Task: Make an exact copy of the records below, excluding images.

Annotated photo localization data:
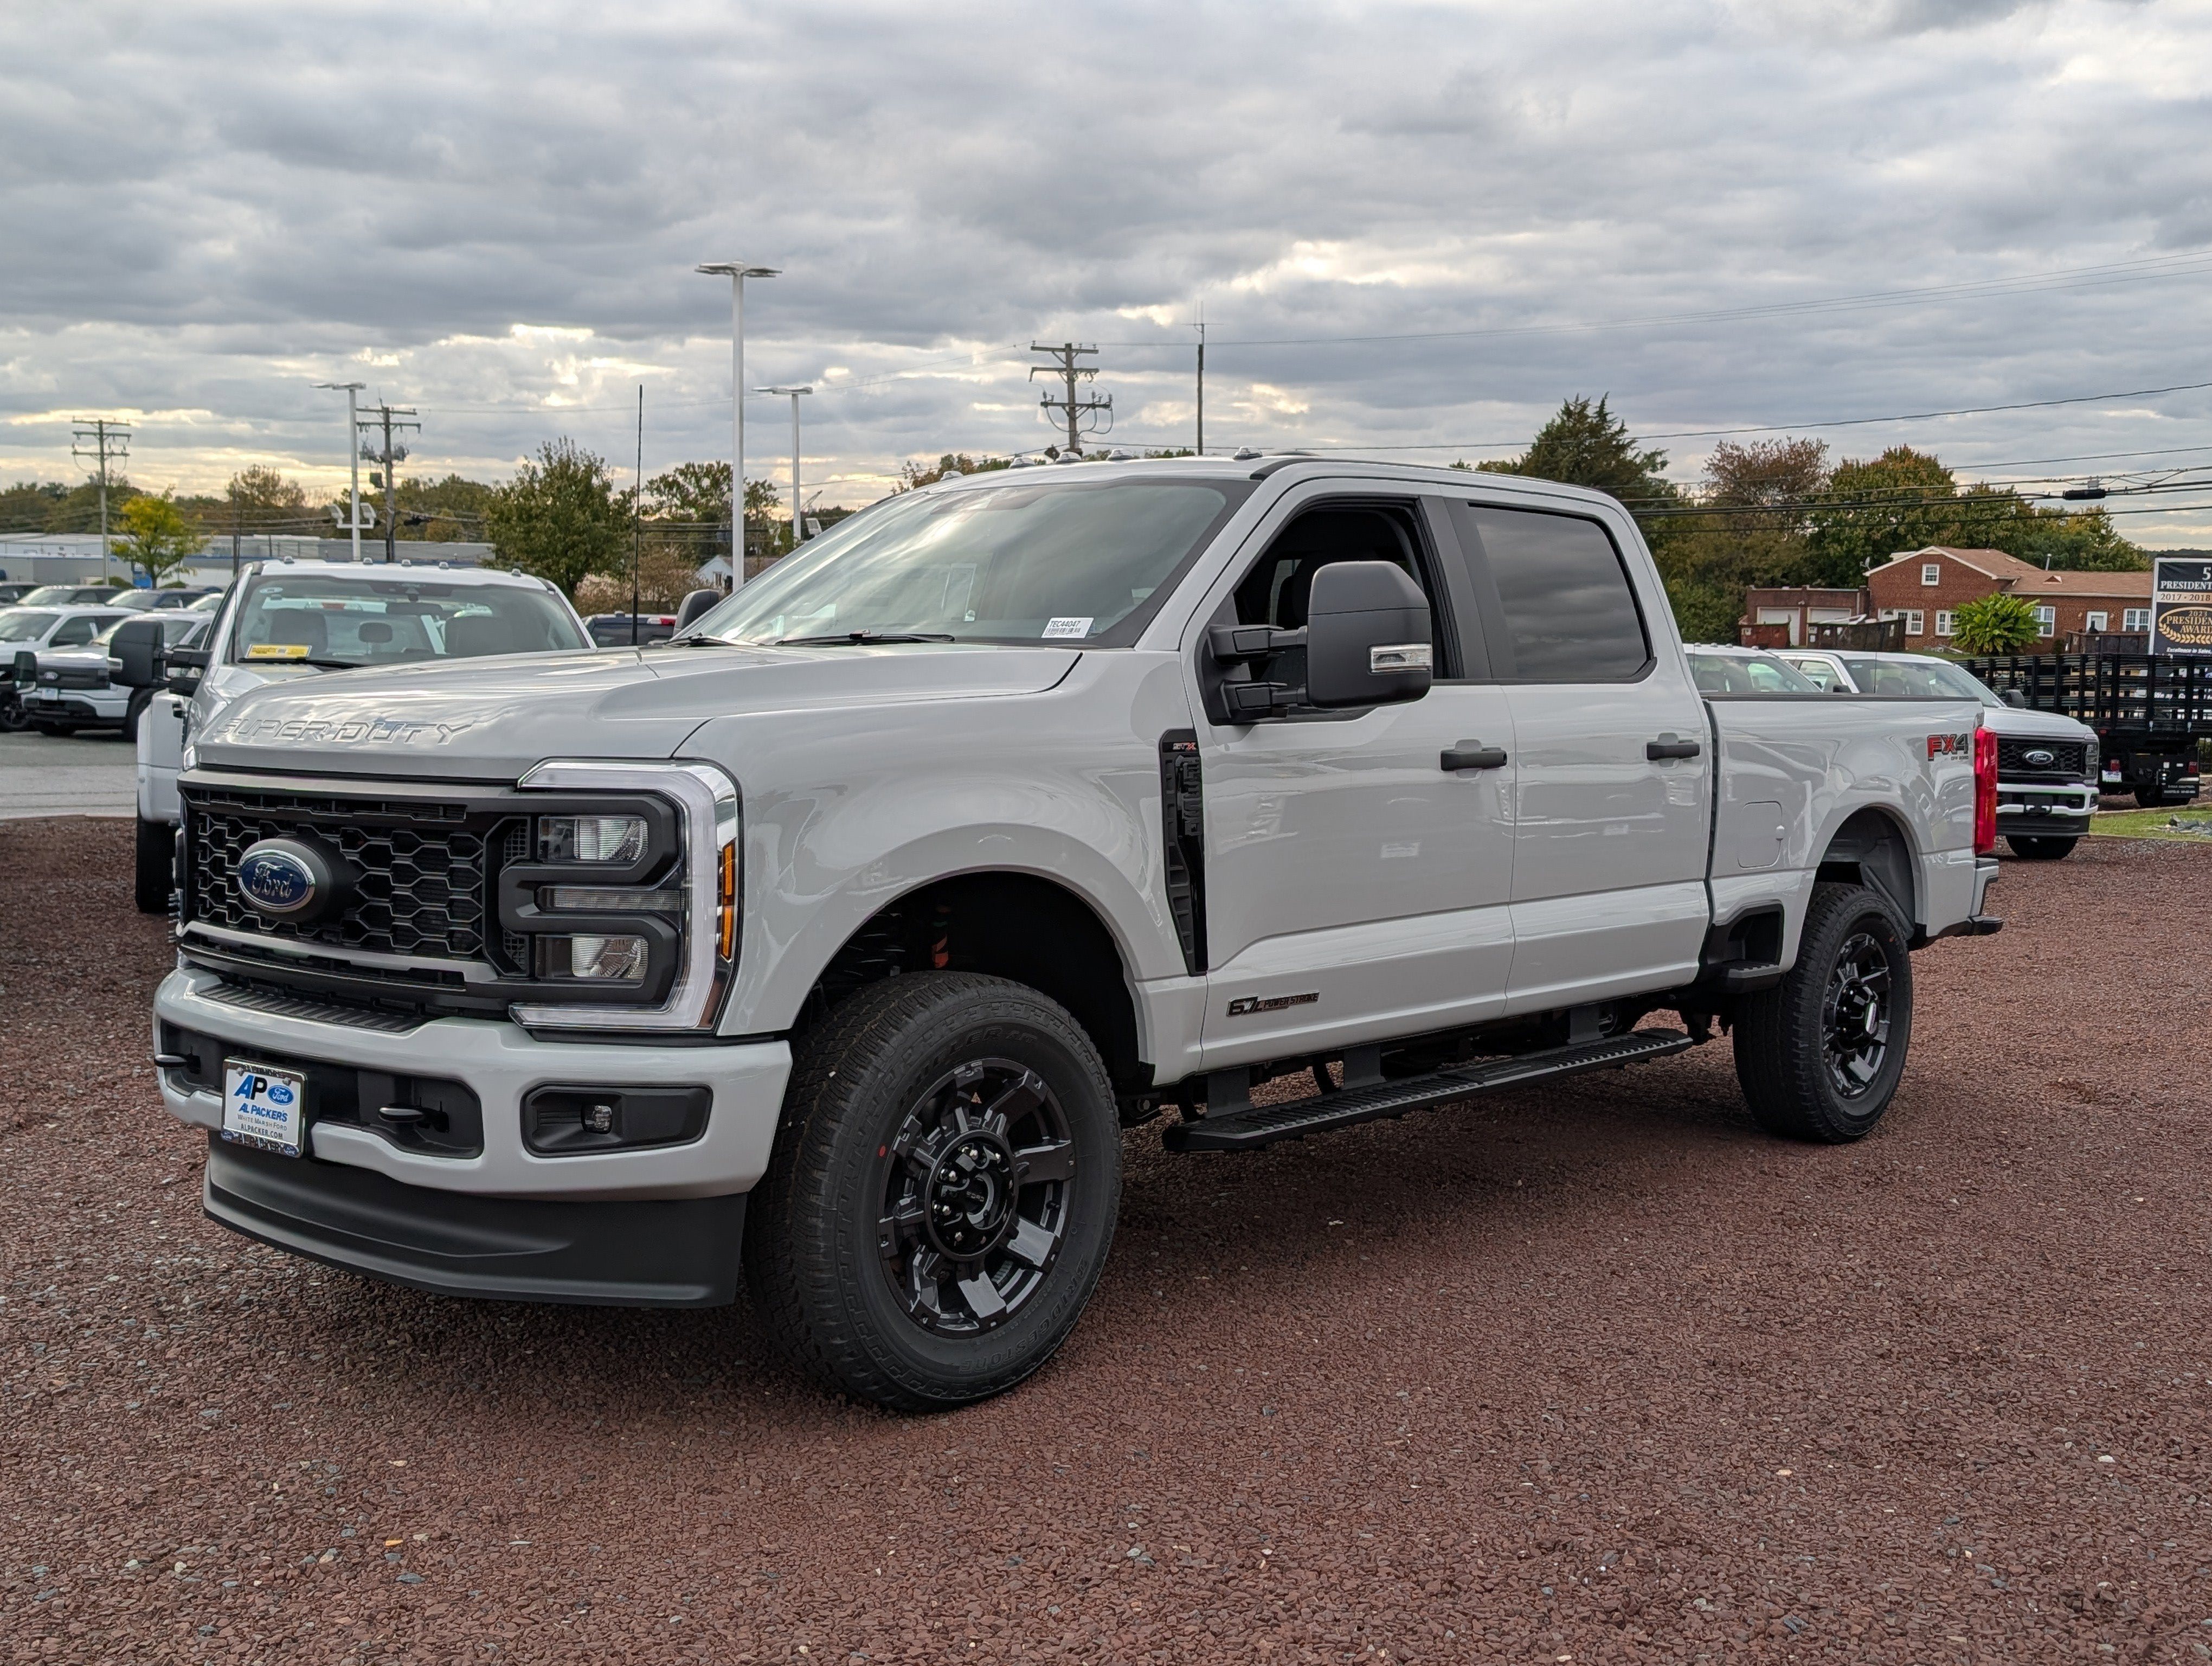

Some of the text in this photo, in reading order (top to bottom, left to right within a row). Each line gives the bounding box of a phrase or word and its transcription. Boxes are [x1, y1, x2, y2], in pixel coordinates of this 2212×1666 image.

[2160, 580, 2212, 590] PRESIDENT
[217, 718, 472, 746] SUPER DUTY
[1926, 733, 1969, 761] FX4
[252, 861, 293, 898] Ford
[1264, 997, 1289, 1008] POWER
[1290, 994, 1319, 1004] STROKE
[234, 1074, 289, 1102] AP Ford
[239, 1103, 288, 1123] AL PACKER'S
[240, 1123, 283, 1139] ALPACKER.COM
[959, 1254, 1089, 1373] BRIDGESTONE

Task response:
Some of the text in this photo, in reading order (top to bottom, left to right within a row). Each line gives the bounding box of a phrase or word and its transcription. Boxes are [x1, y1, x2, y2], in pixel coordinates of this 2212×1666 image.

[2160, 580, 2212, 590] PRESIDENT
[217, 718, 472, 746] SUPER DUTY
[1926, 733, 1969, 761] FX4
[252, 861, 293, 898] Ford
[1264, 997, 1289, 1008] POWER
[1290, 994, 1319, 1004] STROKE
[234, 1074, 289, 1102] AP Ford
[239, 1103, 288, 1123] AL PACKER'S
[240, 1123, 283, 1139] ALPACKER.COM
[959, 1254, 1089, 1373] BRIDGESTONE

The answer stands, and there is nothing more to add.